01-32 脱退の決め手
「朝礼が終わって、朝食を摂った後は順次訓練に取り組む。魔法戦士は1階のこのフロアでひたすら技の習得と実践に励む。真上のフロアは魔術研究者が遠隔で魔術界反転世界で行われている大会の様子を記録し、分析している」
ネアはフォール=グリフィンの魔法戦士が散らばって1対1で戦っている様子を視野に入れる。
「ここでよく練習している技の系統は物理系と砲弾系だけど、これらを磨いたところで、GFP学院の学生らを倒せなかった」
ネアのどこか悔しそうな気持ちが顔に表れる。
訓練に取り組むフォール=グリフィンのメンバーは剣身に炎や怪しげな紫色の暗雲をまとってぶつかり合ったり、切先から雷を伴った大きな水の球を放ったりと迫力のある戦いを見せる。
魔法戦士初心者が天井から眺める限り、技の威力で潰されそうになる。
けれども、GFP学院生に勝てずにいるのは、何か深い理由が隠れているのだろう。
「わたしが大学を卒業する頃、学部生の部門で学生大会に出た。あの時、フォール=グリフィンで修業した成果を発揮しようと頑張った。準々決勝で初めてGFP学院の学生と当たったけど、技が完全に防御されて切り傷は疎かかすり傷も入れられなかった」
真剣な目つきをするネアだが、彼女の後ろに立っているメイリアとセルラは大会の記憶を思い出したのか、無念そうに視線を落とす。
「何が原因で負けたかを考えたところ、波動系の技でやられたと気づいた。現実世界とは真逆のことが起きているのが反転世界であるのは、入った時から知っていた。反転世界でGFP学院生を打ち負かしている技の系統は物理系と砲弾系。でも、現実世界でGFP学院生が他の大学生を打ち負かしている技の系統は波動系だった」
ネアはまぶたを閉じて静かに呼吸をする。
「それで、現実世界と反転世界は何もかもが真逆なんだと思い知らされた。このことを仲間に告げても、頬を叩かれて聞き入れてくれなかった……」
まぶたを開けたネアのクールな目は怒りの感情が込められていた。
「反転世界ではなく、もっと現実を見た方が良いと思うのに、こいつらはドナデュウ様の意思に背く気か!? の一点張り……」
メイリアは顔を少し上げて首を左右に振る。過去にそう言われたことが心の傷になったのかもしれない。
「固定概念が強すぎると言ったところですかね?」
雅稀の質問に反逆者たちは息を合わせて首を縦に振る。
「それじゃあ、今の時代に遅れを取りますね」
利哉は汗水を垂らしながら訓練している人らを小馬鹿にする。
「ああいう風に言われたのは気が悪かった。

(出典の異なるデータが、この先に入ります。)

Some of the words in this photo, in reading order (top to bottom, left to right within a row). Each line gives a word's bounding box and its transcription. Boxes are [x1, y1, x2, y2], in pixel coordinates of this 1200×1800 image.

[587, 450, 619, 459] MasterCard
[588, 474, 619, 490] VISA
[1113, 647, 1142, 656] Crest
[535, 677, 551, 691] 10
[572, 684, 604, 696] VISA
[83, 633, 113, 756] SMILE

辞める決定打となったのは、それから数日経ってからだった……」
セルラの瞳から悲しさを感じた。
「その理由は真上の魔術研究者がいる部屋にあるの」
メイリアは天井を突き抜けて2階の部屋へ移動し、残りの5人も彼女の後を追った。
2階の大部屋は巨大なスクリーンが壁に沿って5枚並べられている。
スクリーンの真下に映像を操作するコンピューターがあり、フォール=グリフィンのメンバーがスクリーンと睨めっこしながら必死で記録している。
5枚のスクリーンを左側からゆっくり眺めると、反転世界で行われている大会の様子が映されている。
しかし、最も右側のスクリーンは魔法戦士同士が必死の思いで殺し合っている様子が映されていた。
それを見た雅稀と利哉、一翔は一瞬で血の気が引いた。
「……そう。殺し合いをしていたことを知ったのが脱退する決め手となった」
セルラは目を閉じて右側のスクリーンからそっぽを向く。
「まさか、フォール=グリフィンがそういう組織だと、あたしたちは気づかずに過ごしてきたから騙されたような感じだったわ……」
メイリアの薄紅色の目は憎悪の気持ちで燃えている。
「そもそも、フォール=グリフィンに入ったきっかけは何だったんですか?」
雅稀は女性3人に会った時から気にしていたことを問いだした。
「単純に強くなりたかったからよ……」
メイリアは拗ねた顔で反対方向へ首を振る。
その仕草を見た雅稀は何も言えずに足元に目をやった。
「話はちょっと長くなるけど、最終的に入って後悔している。それだけ」
メイリアは再び雅稀たちに視線を戻したが、すぐに目を閉じた。
彼女はフォール=グリフィンを初めて知った時から脱退した今を振り返った。
色々あったけど、なんだかんだ懐かしさを噛みしめているのはメイリアの表情から読み取れる。